[Records from a collection]
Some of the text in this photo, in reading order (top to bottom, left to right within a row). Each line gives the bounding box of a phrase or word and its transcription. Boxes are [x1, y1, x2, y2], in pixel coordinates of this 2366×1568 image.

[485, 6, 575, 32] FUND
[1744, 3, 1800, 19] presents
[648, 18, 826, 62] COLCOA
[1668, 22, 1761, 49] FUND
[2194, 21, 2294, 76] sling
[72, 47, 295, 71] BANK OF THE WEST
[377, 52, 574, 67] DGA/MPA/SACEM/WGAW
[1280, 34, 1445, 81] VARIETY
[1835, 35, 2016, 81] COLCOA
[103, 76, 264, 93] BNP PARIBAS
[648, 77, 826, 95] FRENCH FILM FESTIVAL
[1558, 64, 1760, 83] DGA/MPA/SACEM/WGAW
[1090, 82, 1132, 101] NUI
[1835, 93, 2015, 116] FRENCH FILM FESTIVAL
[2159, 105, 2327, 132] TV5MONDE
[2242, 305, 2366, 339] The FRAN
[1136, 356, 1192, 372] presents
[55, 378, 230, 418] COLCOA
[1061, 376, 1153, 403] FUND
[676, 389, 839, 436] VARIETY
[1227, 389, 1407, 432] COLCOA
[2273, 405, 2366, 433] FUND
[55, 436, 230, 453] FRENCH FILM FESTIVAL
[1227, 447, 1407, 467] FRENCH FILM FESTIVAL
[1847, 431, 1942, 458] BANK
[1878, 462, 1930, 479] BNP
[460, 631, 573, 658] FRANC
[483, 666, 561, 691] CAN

Your task.
Each line of the records above must be copied exactly.

Answer to this task.
Some of the text in this photo, in reading order (top to bottom, left to right within a row). Each line gives the bounding box of a phrase or word and its transcription. Boxes are [x1, y1, x2, y2], in pixel coordinates of this 2366×1568 image.

[485, 6, 575, 32] FUND
[1744, 3, 1800, 19] presents
[648, 18, 826, 62] COLCOA
[1668, 22, 1761, 49] FUND
[2194, 21, 2294, 76] sling
[72, 47, 295, 71] BANK OF THE WEST
[377, 52, 574, 67] DGA/MPA/SACEM/WGAW
[1280, 34, 1445, 81] VARIETY
[1835, 35, 2016, 81] COLCOA
[103, 76, 264, 93] BNP PARIBAS
[648, 77, 826, 95] FRENCH FILM FESTIVAL
[1558, 64, 1760, 83] DGA/MPA/SACEM/WGAW
[1090, 82, 1132, 101] NUI
[1835, 93, 2015, 116] FRENCH FILM FESTIVAL
[2159, 105, 2327, 132] TV5MONDE
[2242, 305, 2366, 339] The FRAN
[1136, 356, 1192, 372] presents
[55, 378, 230, 418] COLCOA
[1061, 376, 1153, 403] FUND
[676, 389, 839, 436] VARIETY
[1227, 389, 1407, 432] COLCOA
[2273, 405, 2366, 433] FUND
[55, 436, 230, 453] FRENCH FILM FESTIVAL
[1227, 447, 1407, 467] FRENCH FILM FESTIVAL
[1847, 431, 1942, 458] BANK
[1878, 462, 1930, 479] BNP
[460, 631, 573, 658] FRANC
[483, 666, 561, 691] CAN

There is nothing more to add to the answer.